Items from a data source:
* * *
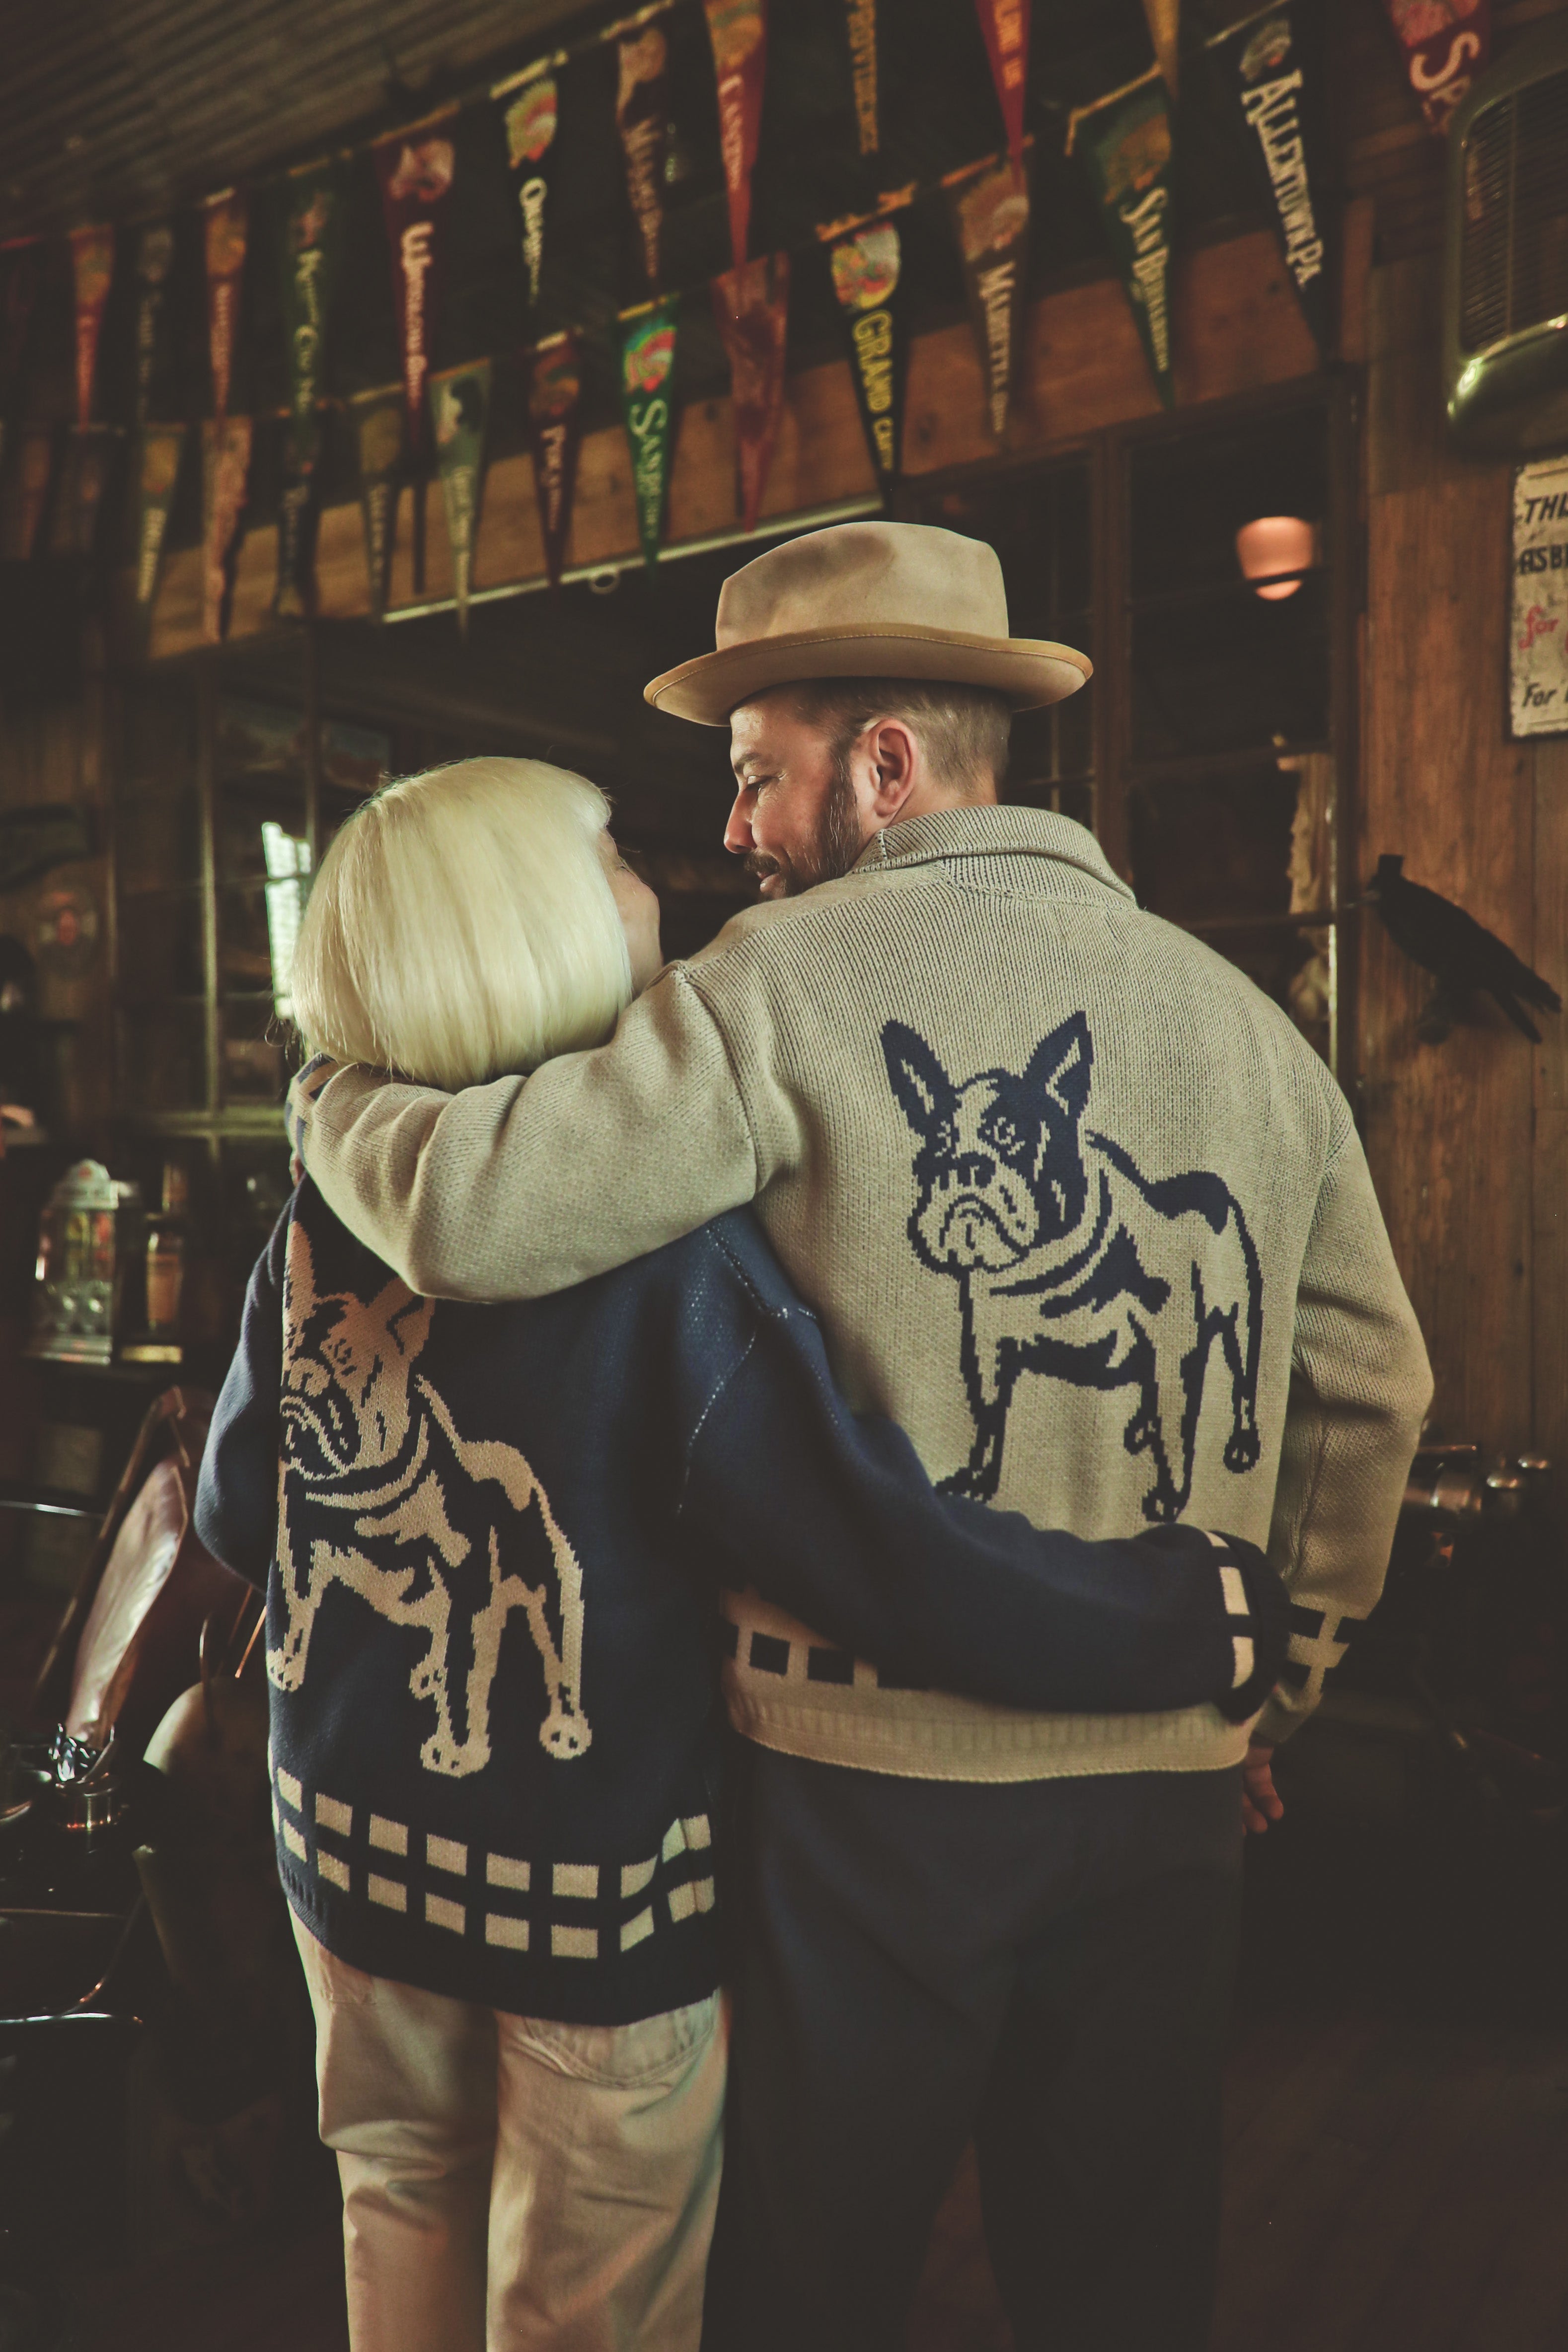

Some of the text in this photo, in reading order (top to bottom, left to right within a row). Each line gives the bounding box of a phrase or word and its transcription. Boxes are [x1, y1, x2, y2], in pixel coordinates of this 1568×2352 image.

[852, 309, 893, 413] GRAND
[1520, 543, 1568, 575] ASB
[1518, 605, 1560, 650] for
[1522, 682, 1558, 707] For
* * *
## Exercise prompt
Output all the records above exactly, but without their images.

## Result of the task
Some of the text in this photo, in reading order (top to bottom, left to right within a row). Each line gives the bounding box of a phrase or word and its transcription. Boxes are [x1, y1, x2, y2], in pixel coordinates of this 1568×2352 image.

[852, 309, 893, 413] GRAND
[1520, 543, 1568, 575] ASB
[1518, 605, 1560, 650] for
[1522, 682, 1558, 707] For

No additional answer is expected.